Bisnis.com, JAKARTA—Industri percetakan berharap pada permintaan pemerintah dan momentum pemilihan kepala daerah (pilkada) untuk mendorong bisnis pada tahun depan.
Ahmad Mughira Nurhani, Ketua Umum Dewan Pimpinan Pusat Persatuan Perusahaan Grafika Indonesia, mengatakan kondisi industri grafika terus menurun karena perkembangan digital yang menyebabkan penurunan permintaan.

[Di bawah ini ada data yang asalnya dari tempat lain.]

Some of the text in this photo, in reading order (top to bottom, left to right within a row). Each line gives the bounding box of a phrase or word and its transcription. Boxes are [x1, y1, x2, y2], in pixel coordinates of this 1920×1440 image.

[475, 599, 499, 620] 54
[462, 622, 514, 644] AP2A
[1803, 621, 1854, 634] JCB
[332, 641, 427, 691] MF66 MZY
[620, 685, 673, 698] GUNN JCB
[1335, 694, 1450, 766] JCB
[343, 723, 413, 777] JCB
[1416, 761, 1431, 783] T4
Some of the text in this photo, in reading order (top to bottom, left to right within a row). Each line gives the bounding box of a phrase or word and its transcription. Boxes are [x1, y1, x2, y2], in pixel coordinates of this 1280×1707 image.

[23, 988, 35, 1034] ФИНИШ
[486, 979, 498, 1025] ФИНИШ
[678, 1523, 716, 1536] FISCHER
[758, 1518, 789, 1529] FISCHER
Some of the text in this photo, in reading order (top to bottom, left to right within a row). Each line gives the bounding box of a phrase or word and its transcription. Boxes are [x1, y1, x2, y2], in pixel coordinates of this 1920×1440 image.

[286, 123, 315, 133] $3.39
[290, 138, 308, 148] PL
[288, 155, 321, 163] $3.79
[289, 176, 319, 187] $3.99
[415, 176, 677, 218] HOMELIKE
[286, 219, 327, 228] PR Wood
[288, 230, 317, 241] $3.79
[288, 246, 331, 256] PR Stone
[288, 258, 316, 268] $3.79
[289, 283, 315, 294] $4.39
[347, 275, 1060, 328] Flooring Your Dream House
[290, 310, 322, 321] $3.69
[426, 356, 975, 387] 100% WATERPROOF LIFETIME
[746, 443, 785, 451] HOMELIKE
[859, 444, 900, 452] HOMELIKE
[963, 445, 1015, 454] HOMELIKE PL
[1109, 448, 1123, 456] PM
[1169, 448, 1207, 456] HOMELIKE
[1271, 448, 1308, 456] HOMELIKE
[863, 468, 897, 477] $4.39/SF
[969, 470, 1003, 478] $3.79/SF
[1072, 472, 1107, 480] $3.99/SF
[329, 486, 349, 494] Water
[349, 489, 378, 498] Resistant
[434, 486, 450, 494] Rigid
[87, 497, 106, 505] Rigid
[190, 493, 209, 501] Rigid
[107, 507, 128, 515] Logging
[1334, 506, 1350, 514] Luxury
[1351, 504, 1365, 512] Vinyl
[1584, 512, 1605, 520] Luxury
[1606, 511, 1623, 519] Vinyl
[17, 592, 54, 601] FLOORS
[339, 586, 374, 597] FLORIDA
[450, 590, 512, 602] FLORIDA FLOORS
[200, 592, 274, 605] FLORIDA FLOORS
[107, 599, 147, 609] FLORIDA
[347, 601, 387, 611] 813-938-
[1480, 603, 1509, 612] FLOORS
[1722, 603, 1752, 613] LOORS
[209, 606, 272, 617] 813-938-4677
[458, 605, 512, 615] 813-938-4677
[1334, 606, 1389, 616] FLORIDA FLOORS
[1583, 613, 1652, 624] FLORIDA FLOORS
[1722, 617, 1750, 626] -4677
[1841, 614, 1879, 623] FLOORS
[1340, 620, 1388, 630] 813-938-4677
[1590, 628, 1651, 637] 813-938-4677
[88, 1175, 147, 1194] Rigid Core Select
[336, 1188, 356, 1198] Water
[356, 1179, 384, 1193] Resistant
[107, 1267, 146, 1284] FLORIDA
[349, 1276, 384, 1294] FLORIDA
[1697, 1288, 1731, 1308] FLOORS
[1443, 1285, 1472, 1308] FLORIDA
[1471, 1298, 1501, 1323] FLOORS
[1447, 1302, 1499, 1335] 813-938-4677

Namun, untuk tahun depan pelaku industri percetakan masih berharap, salah satunya pada permintaan pemerintah untuk mencetak buku pelajaran sekolah.
"Rencananya tahun ini sebanyak 140 juta buku untuk jenjang SD, SMP, dan SMA, tetapi tidak semua kelas. Orderan percetakan buku pemerintah dimulai sejak tahun lalu dan diharapkan selesai pada 2019," ujarnya kepada Bisnis.com, Kamis (28/12/2017).
Selain itu, pilkada juga menjadi harapan para pelaku industri grafika, tetapi Mughi memperkirakan dampaknya tidak terlalu besar karena tidak dikerjakan sepanjang tahun. Adapun, beberapa produk yang banyak dipesan saat pemilihan umum antara lain surat suara dan alat peraga.
Selain menghadapi peralihan ke digital, Mughi menuturkan industri percetakan juga mengalami kendala bahan baku, terutama untuk percetakan buku pelajaran. Hal ini karena pemerintah meminta para penerbit menggunakan kertas dengan tingkat keputihan 84%.
Apabila buku pelajaran dicetak dengan kertas yang memiliki tingkat keputihan lebih dari 90%, akan berdampak kurang sehat bagi mata. "Permasalahannya, Apex dan Adiprima, yang mau memenuhi kebutuhan kertas buku pelajaran, kesulitan mendapatkan kertas bekas sebagai bahan baku," jelas Mughi.
Menurutnya, kertas bekas sulit diperoleh karena pemerintah menggolongkan kertas bekas impor sebagai limbah sehingga diperlakukan berbeda dari kertas untuk bahan baku. Selain itu, kertas bekas juga belum dapat dipenuhi dari domestik karena belum ada regulasi untuk mengolah kertas bekas dari masyarakat.